## What is expected
Repeat every entry exactly. Do not include the pictures.
--------------------------------------------------
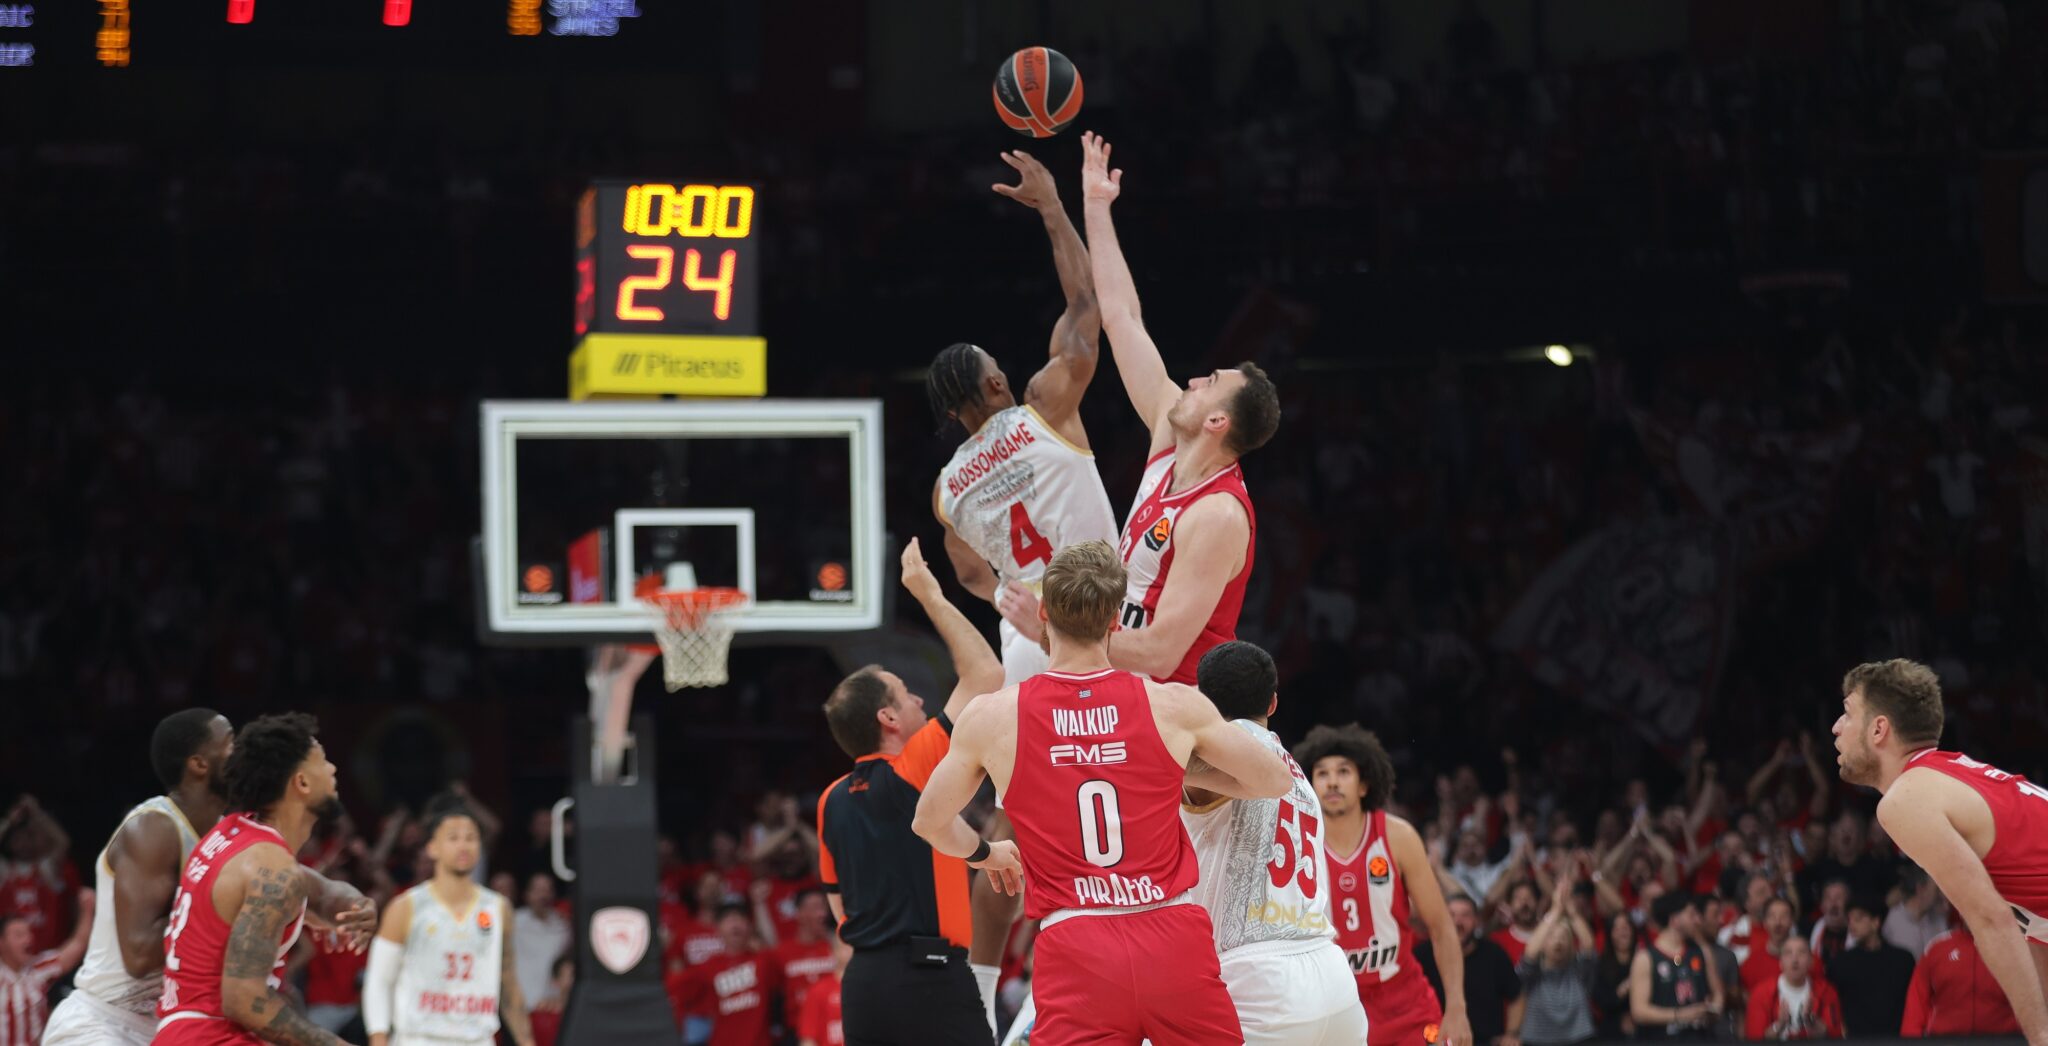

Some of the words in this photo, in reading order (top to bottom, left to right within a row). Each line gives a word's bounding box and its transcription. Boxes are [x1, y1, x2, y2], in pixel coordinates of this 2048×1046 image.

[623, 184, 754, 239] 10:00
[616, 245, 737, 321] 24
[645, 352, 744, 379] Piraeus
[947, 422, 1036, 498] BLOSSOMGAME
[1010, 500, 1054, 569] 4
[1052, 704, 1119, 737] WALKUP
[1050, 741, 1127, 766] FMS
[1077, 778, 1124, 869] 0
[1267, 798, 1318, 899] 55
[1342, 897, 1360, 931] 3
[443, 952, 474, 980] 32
--------------------------------------------------
## Output of the task
Some of the words in this photo, in reading order (top to bottom, left to right within a row). Each line gives a word's bounding box and its transcription. Boxes are [x1, y1, x2, y2], in pixel coordinates of this 2048×1046 image.

[623, 184, 754, 239] 10:00
[616, 245, 737, 321] 24
[645, 352, 744, 379] Piraeus
[947, 422, 1036, 498] BLOSSOMGAME
[1010, 500, 1054, 569] 4
[1052, 704, 1119, 737] WALKUP
[1050, 741, 1127, 766] FMS
[1077, 778, 1124, 869] 0
[1267, 798, 1318, 899] 55
[1342, 897, 1360, 931] 3
[443, 952, 474, 980] 32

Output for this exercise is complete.